# [Brief]
Each line below from the line with "this 1186×1701 image." to the line with "this 960×1280 image." must be copied exactly, including those two, and no picture may appear in the copy.
── Given data ──
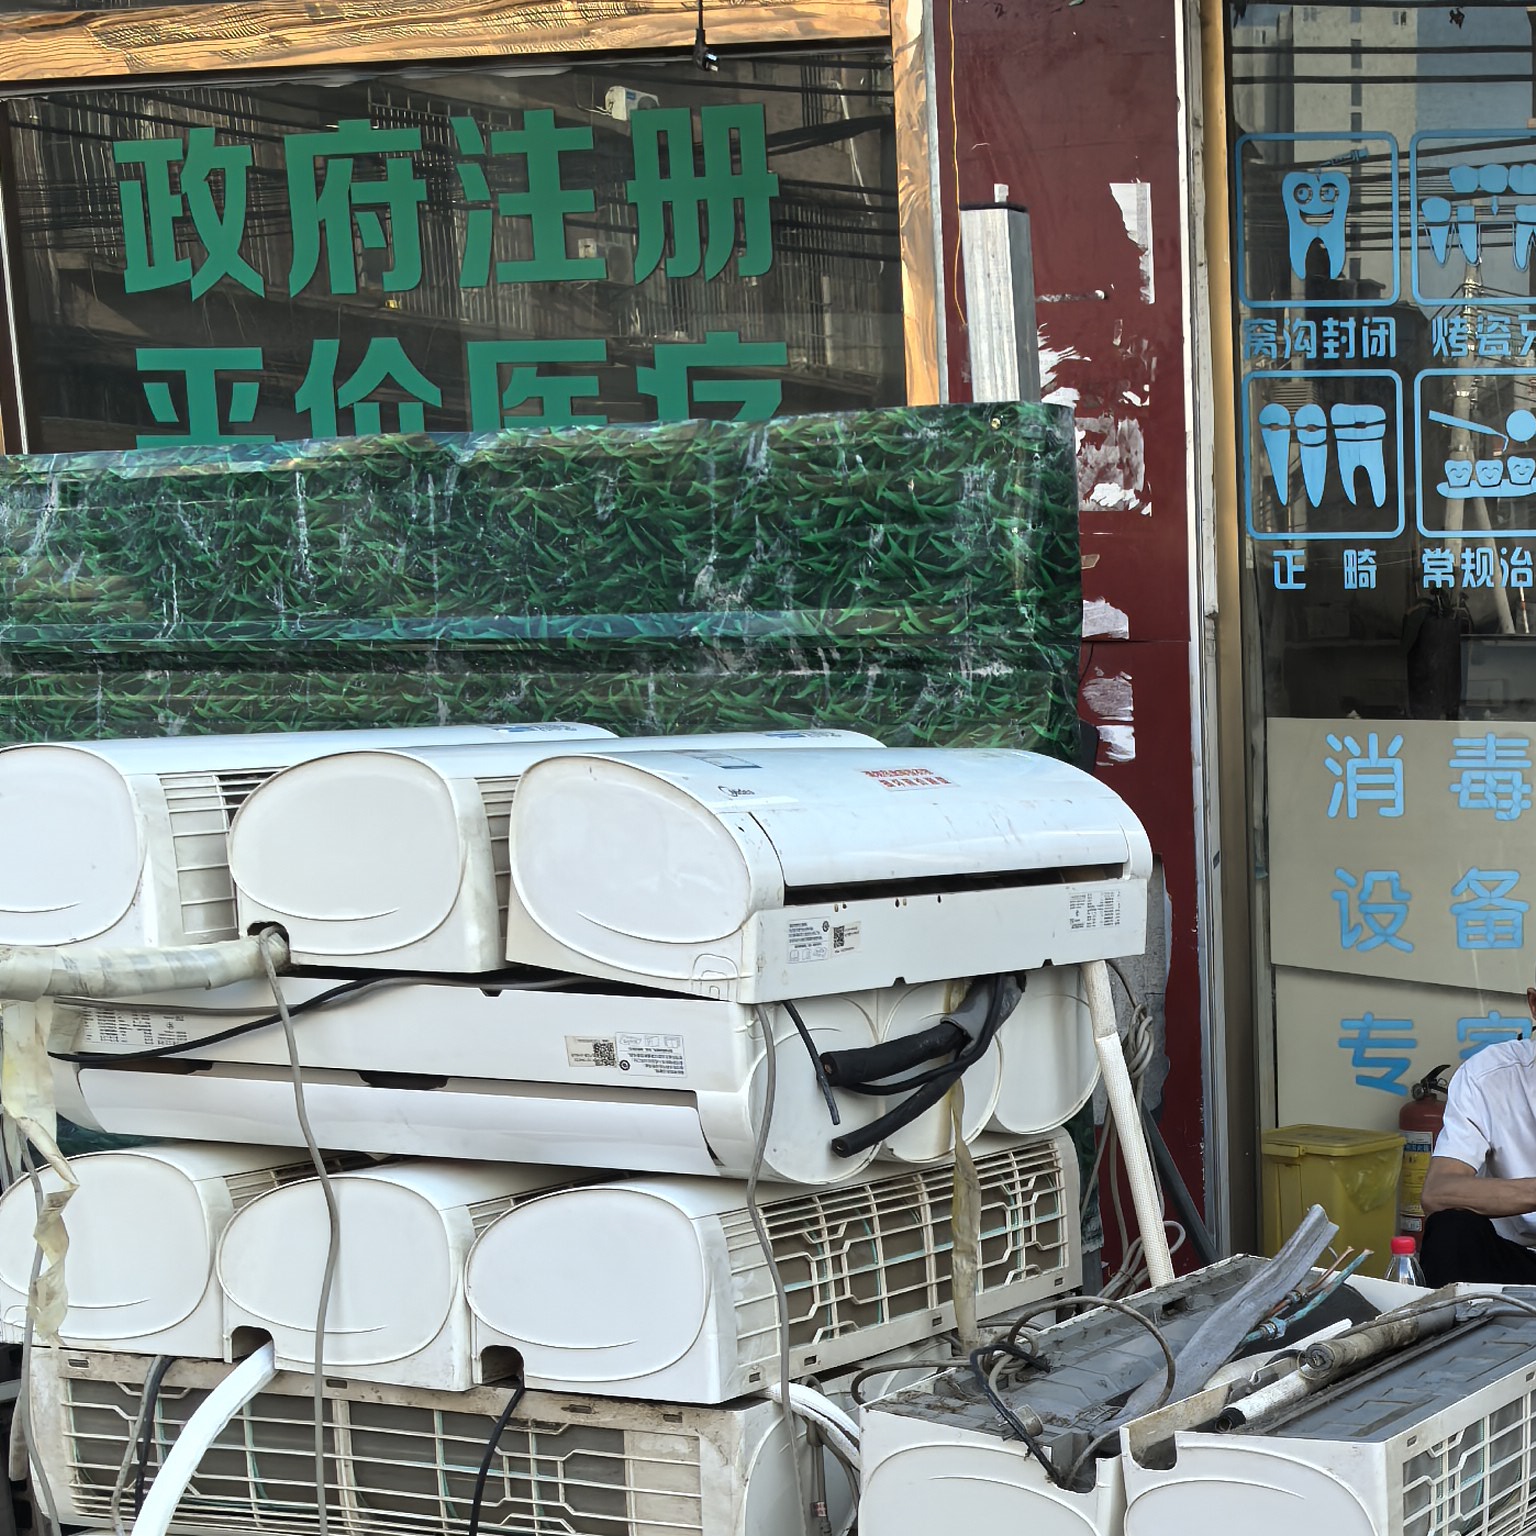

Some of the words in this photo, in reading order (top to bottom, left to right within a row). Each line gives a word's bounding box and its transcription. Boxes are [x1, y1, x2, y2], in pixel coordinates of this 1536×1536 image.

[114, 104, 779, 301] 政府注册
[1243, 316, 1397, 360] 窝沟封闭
───
── Given data ──
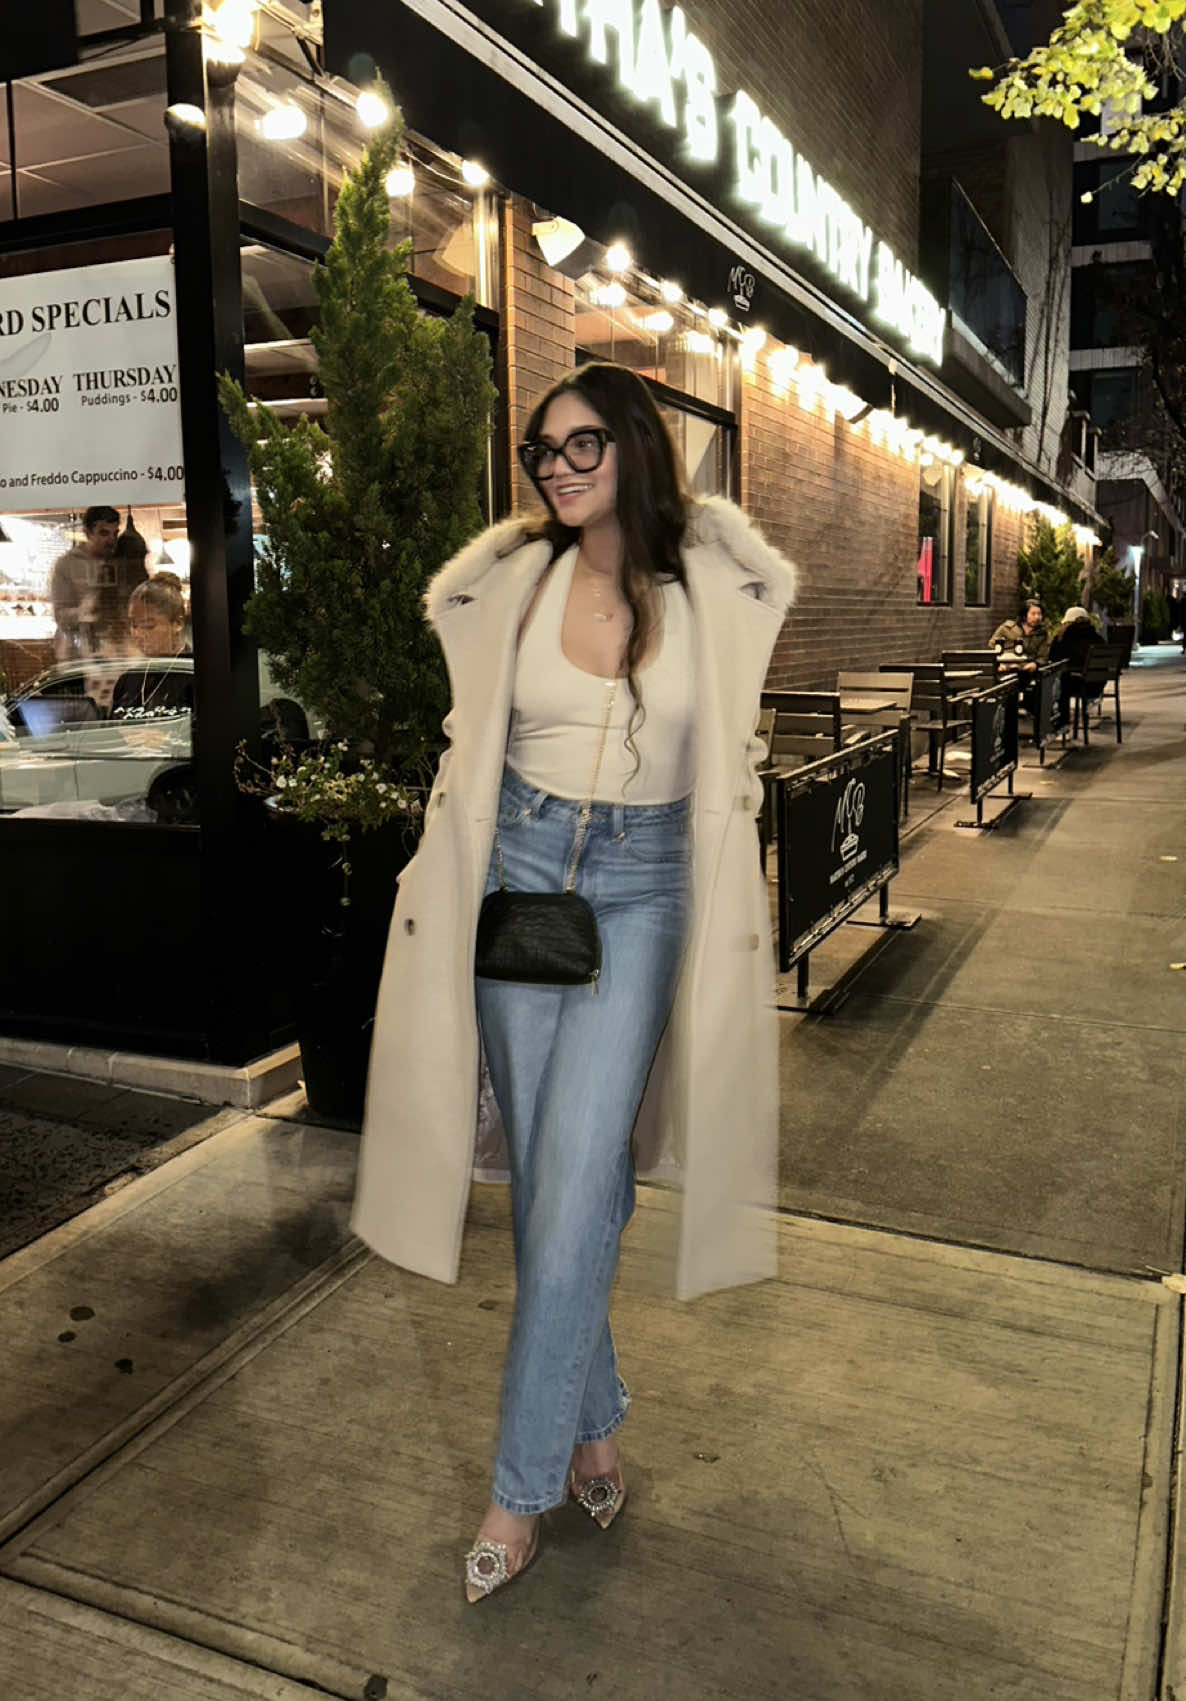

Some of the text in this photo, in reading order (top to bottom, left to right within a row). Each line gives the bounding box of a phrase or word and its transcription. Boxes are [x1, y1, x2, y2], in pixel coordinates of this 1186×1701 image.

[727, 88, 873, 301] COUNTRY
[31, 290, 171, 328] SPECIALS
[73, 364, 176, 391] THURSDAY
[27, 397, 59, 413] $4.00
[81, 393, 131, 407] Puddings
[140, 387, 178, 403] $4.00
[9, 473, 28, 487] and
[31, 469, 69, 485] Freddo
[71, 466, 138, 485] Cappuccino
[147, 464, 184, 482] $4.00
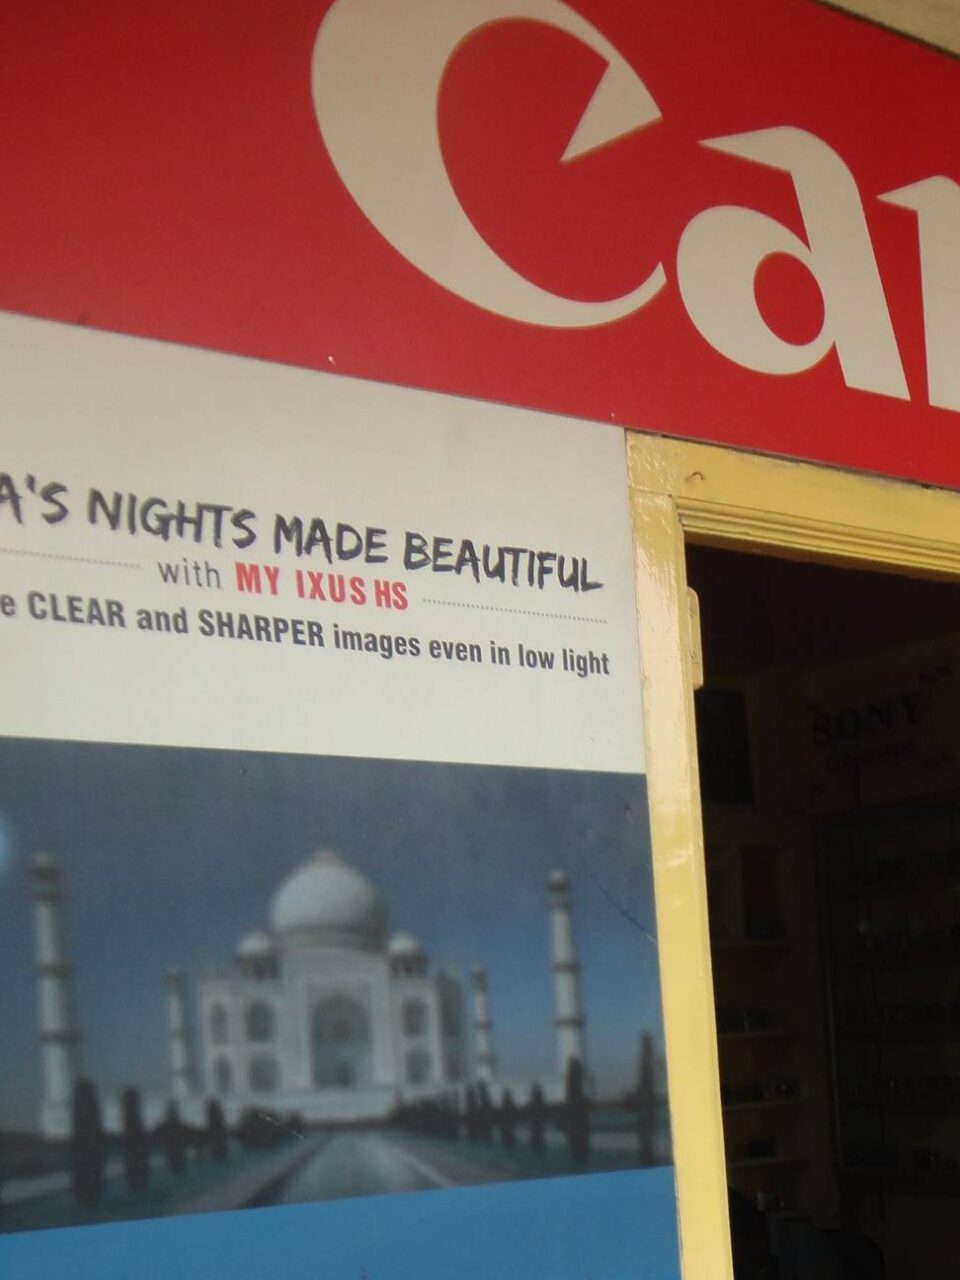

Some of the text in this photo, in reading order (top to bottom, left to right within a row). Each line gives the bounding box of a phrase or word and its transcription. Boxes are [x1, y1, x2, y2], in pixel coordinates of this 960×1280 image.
───
# [Answer to this task]
Some of the text in this photo, in reading order (top to bottom, left to right within a row). Each line gives the bounding box of a phrase or word and its transcription. Boxes are [x1, y1, x2, y2], in pixel coordinates of this 1186×1701 image.

[727, 88, 873, 301] COUNTRY
[31, 290, 171, 328] SPECIALS
[73, 364, 176, 391] THURSDAY
[27, 397, 59, 413] $4.00
[81, 393, 131, 407] Puddings
[140, 387, 178, 403] $4.00
[9, 473, 28, 487] and
[31, 469, 69, 485] Freddo
[71, 466, 138, 485] Cappuccino
[147, 464, 184, 482] $4.00

Some of the text in this photo, in reading order (top to bottom, left to right within a row). Each line gives the bounding box of a phrase or word and its transcription. Boxes are [x1, y1, x2, y2], in pixel coordinates of this 960×1280 image.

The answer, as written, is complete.